June 5, 2017


  • Possibly a record false positive rate:  “a substantial number of takedown requests submitted to Google are for URLs that have never been in our search index, and therefore could never have appeared in our search results… Nor is this problem limited to one submitter: in total, 99.95% of all URLs processed from our Trusted Copyright Removal Program in January 2017 were not in our index” (Google submission to Register of Copyrights(PDF), via Techdirt)

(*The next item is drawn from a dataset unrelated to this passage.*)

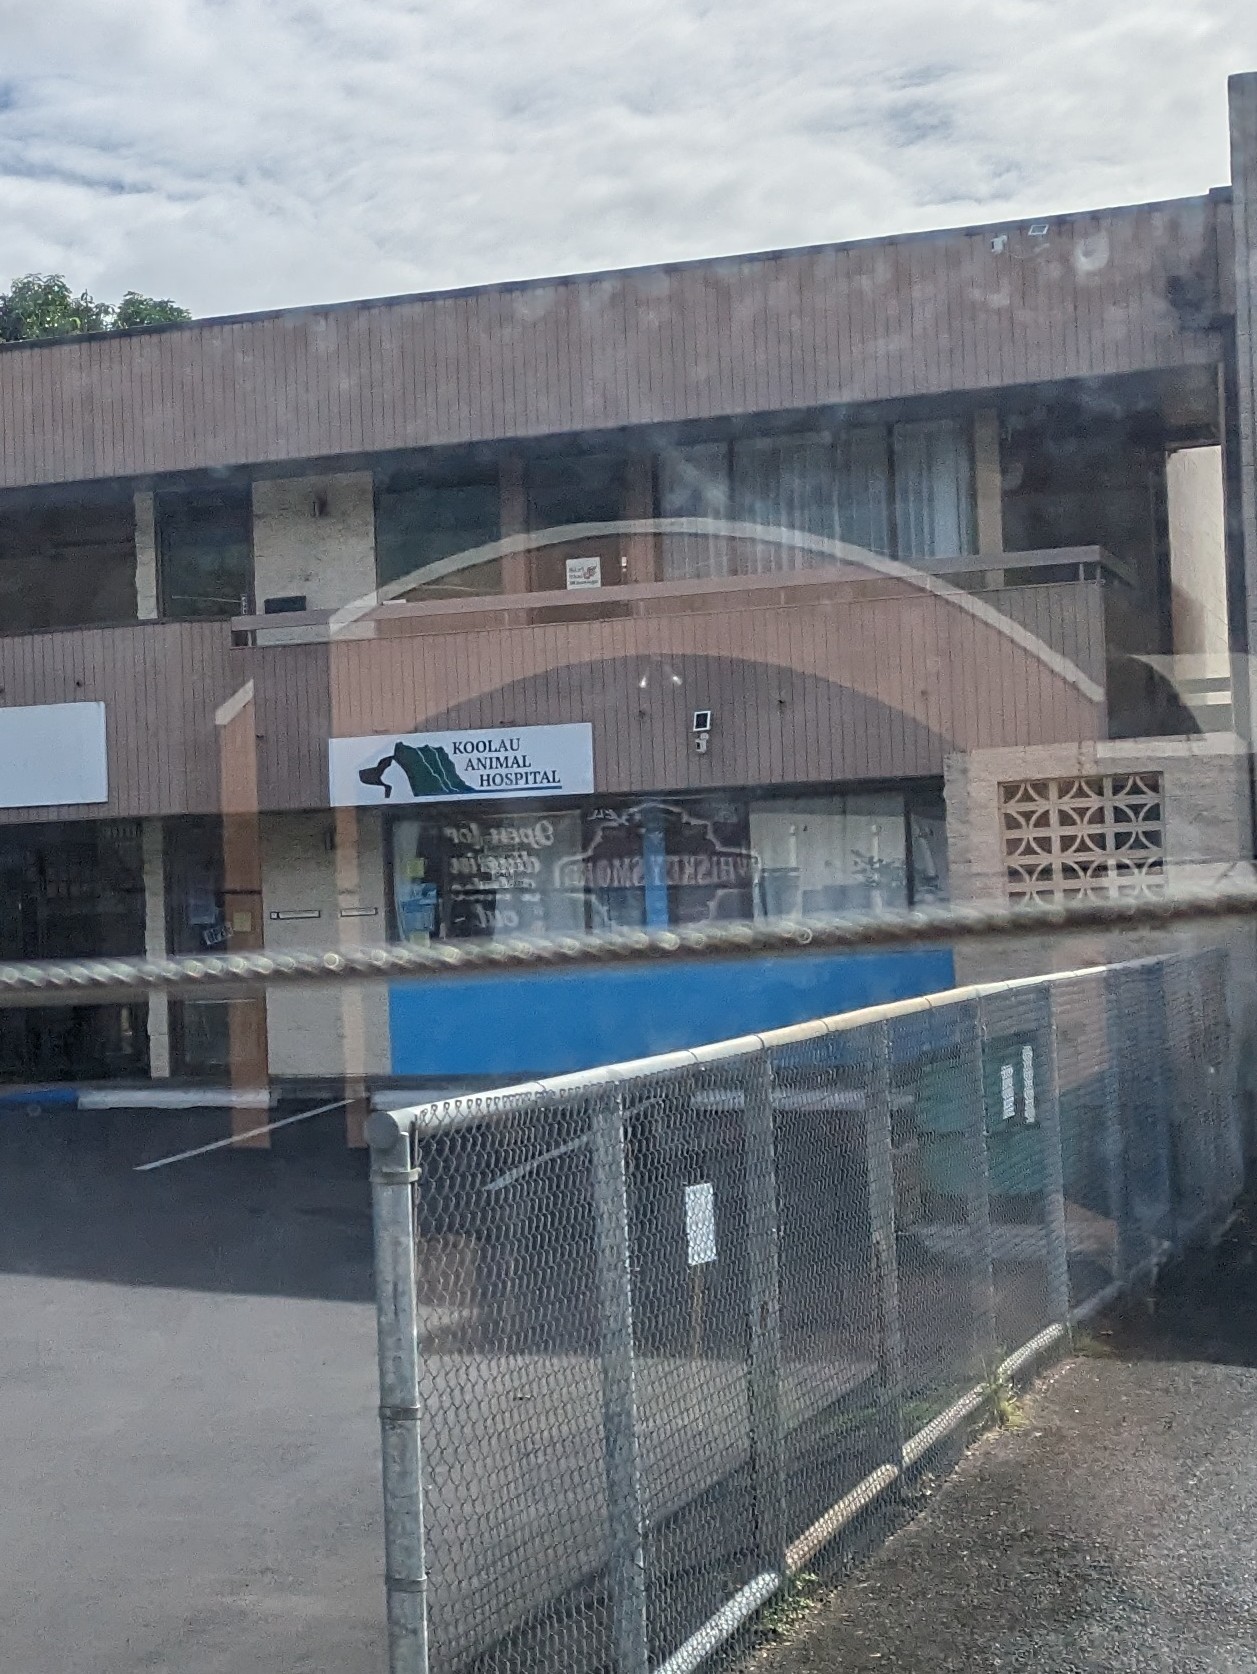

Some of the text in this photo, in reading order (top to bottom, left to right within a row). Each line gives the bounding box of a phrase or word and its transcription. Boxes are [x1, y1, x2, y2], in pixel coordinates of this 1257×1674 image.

  • Problem with rental costs in Canada’s historical CPI “the clerks who recorded the data were under an instruction that, since the CPI was to represent prices paid by better off working class families, to edit out any rental figures what were above a designated threshold. By the end of the 1950s they were throwing out more than half of the reported rents.” (Worthwhile Canadian Initiative). Data doesn’t just happen: it’s choices by people.
  • I’ve mentioned the University of Washington course “Calling Bullshit on Big Data” before. Now the New Yorker has a story about it.
  • What different sorts of things can go wrong with a statistical prediction rule? A taxonomy, from Ed Felten.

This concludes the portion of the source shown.